Fuhrmann, Andre' (University of Konstanz, Germany); AN ESSAY ON
	CONTRACTION; ISBN: 1-57586-055-4 (cloth); 1-57586-054-6 (paper); 120
	pp. CSLI Publications 1997:
	http://csli-www.stanford.edu/publications/
	email: pubs at roslin.stanford.edu
	This book generalizes earlier theories of belief change to
cover all kinds of changes of sets by sets. The principal focus is
still on changes of belief sets in response to new evidence. But the
formal theory extends to all domains with a closure operation oand a
preference structure, including, for example, systems of action.
Contraction is the key notion; all other changes can be defined.
Various new applications of the theory are outlined. A sentential
version of contraction, subtraction, is proposed as a formal
counterpart to "except"-locutions in natural language.
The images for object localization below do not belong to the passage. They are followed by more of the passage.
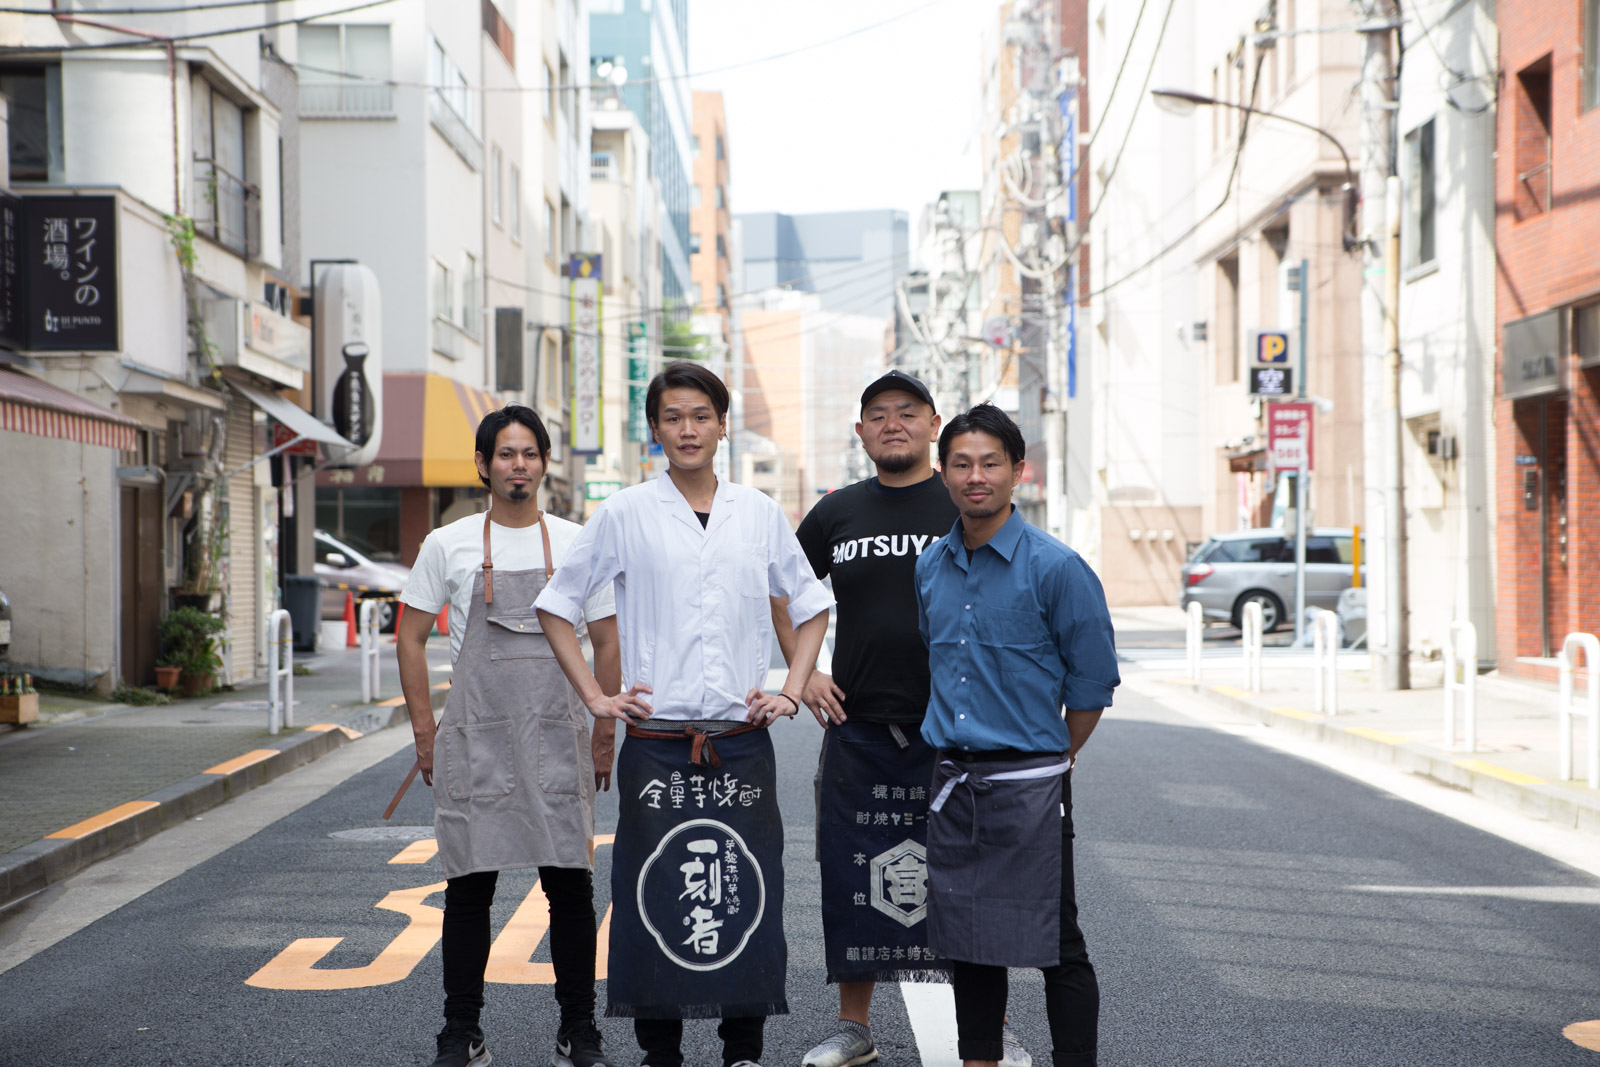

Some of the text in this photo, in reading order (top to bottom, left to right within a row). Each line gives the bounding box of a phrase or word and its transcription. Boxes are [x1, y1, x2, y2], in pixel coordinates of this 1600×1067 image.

[43, 217, 70, 280] 酒場。
[75, 217, 100, 306] ワインの
[639, 771, 762, 809] 全量芋焼酎
[678, 839, 724, 955] 一刻者
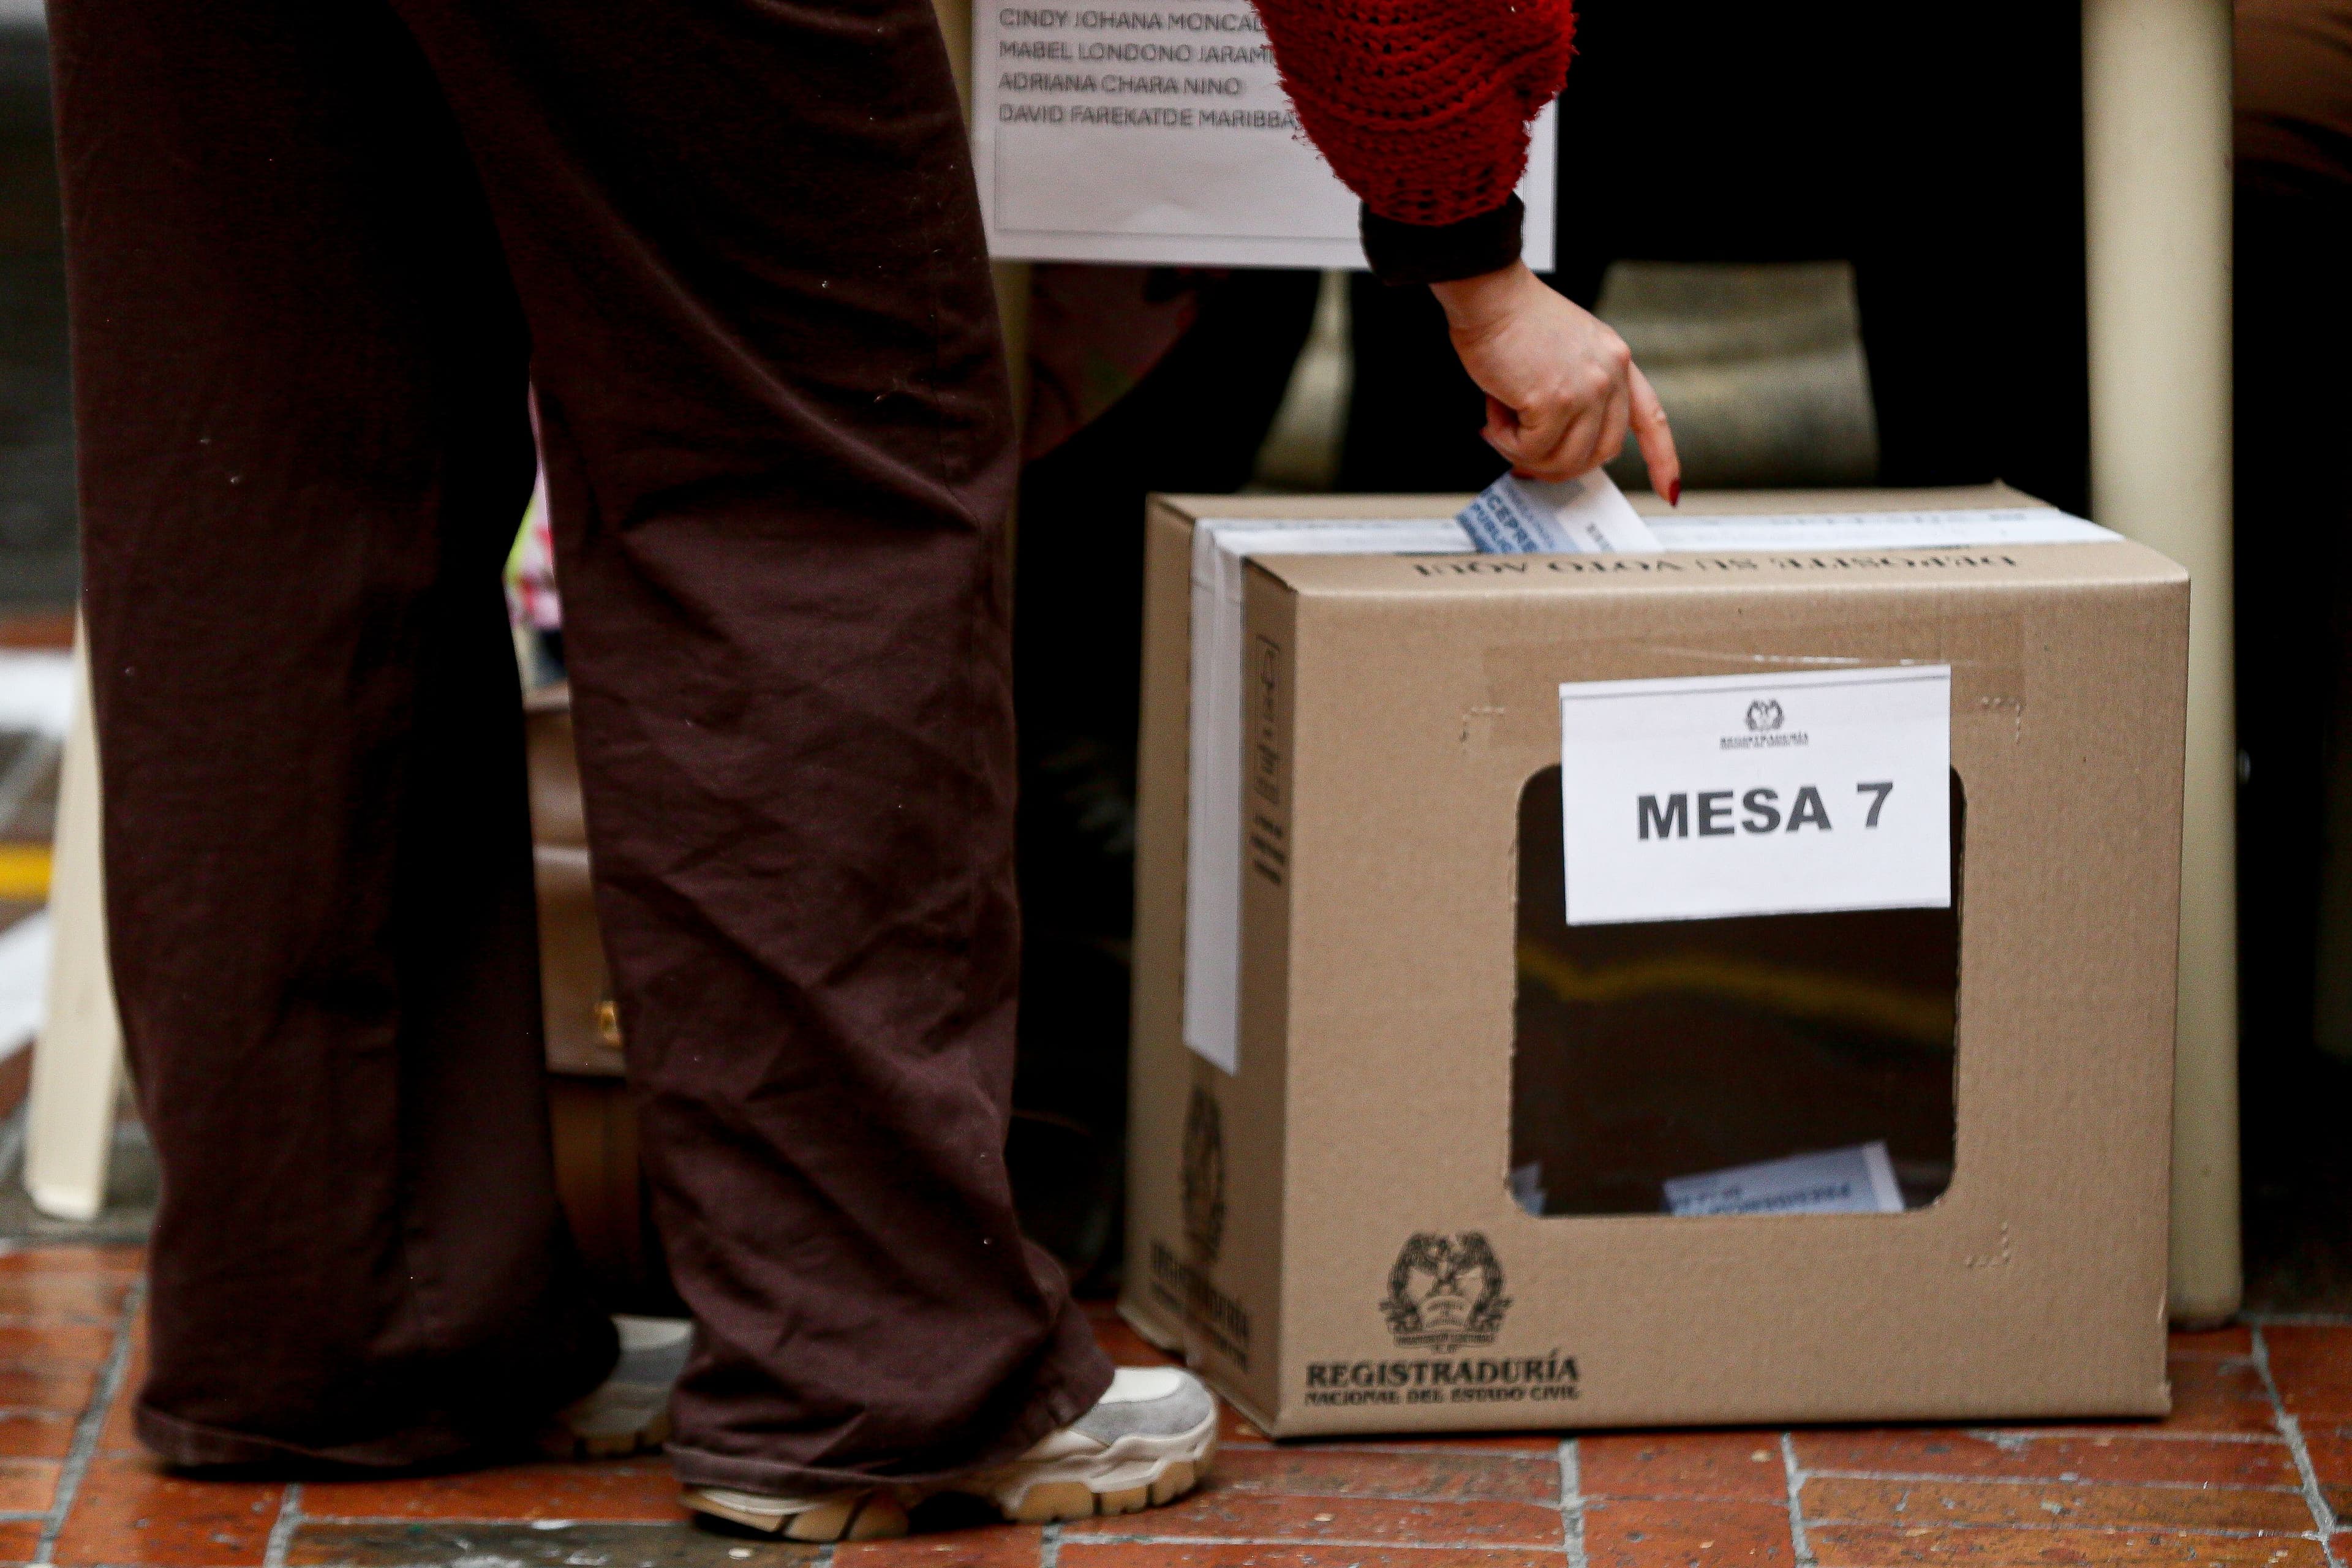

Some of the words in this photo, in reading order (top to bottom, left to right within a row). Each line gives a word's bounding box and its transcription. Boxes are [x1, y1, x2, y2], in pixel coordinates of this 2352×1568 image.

[999, 8, 1068, 28] CINDY
[1076, 10, 1162, 30] JOHANA
[999, 40, 1072, 60] MABEL
[998, 72, 1097, 92] ADRIANA
[1102, 74, 1179, 94] CHARA
[999, 103, 1064, 123] DAVID
[1637, 785, 1832, 841] MESA
[1856, 782, 1894, 829] 7
[1305, 1348, 1578, 1388] REGISTRADURÍA
[1305, 1390, 1400, 1406] NACIONAL
[1407, 1387, 1443, 1403] DEL
[1451, 1385, 1525, 1402] ESTADO
[1531, 1385, 1580, 1401] CIVIL
Connections are
emphasized with other areas at the interface between philosophical
logic and artificial intelligence such as reasoning form default
assumptions or from inconsistent premises.

Marx, Maarten (Imperial College, London), Polos, La'szlo' (University
	of Amsterdam), and Masuch, Michael (University of Amsterdam); ARROW
	LOGIC AND MULTI-MODAL LOGIC; ISBN: 1-57586-025-2 (cloth);
	1-57586-024-4 (paper); 264 pp. CSLI Publications 1997:
	http://csli-www.stanford.edu/publications/
	Conceived by Johan van Benthem and Yde Venema, arrow logic
started as an attempt to give a general account of the logic of
transitions. The generality of the approach provides a wide
application area ranging from philosophy to computer science. This
book gives a comprehensive survey of logical research within and
around arrow logic. Since the natural operations on transitions
include composition, inverse and identity, we can study their
logic--arrow logic--from two different perspectives, and by two
(complementary) methodologies: modal logic and the algebra of
relations. Some of the results in this volume can be interpreted as
price tages. They show what the prices of desirable properties, such
as decidability, (finite) axiomatizability, Craig interpolation
property, Beth definability etc. are in terms of semantic properties
of the logic. The book will benefit researchers with an interest in
modal logic and relation algebra.

van Benthem, Johan (University of Amsterdam and Stanford University);
	EXPLORING LOGICAL DYNAMICS; ISBN: 1-57586-059-7 (cloth);
	1-57586-058-9 (paper); 288 pp. CSLI Publications 1997:
	http://csli-www.stanford.edu/publications/
	email: pubs at roslin.stanford.edu
	This book is an exploration of current trends in logical
theories of information flow across various fields, such as belief
revision in computer science and dynamic semantics in linguistics. It
provides one mathematical perspective encompassing all of these
fields. This framework generates a new agenda of questions concerning
dynamic inference and dynamic operators. The result is a mathematical
theory of process models, simulations between these, and modal
languages over them, which is developed in detail. New results include
theorems on expressive completeness, representation of styles of
inference, and new kinds of decidable remodeling for standard logics.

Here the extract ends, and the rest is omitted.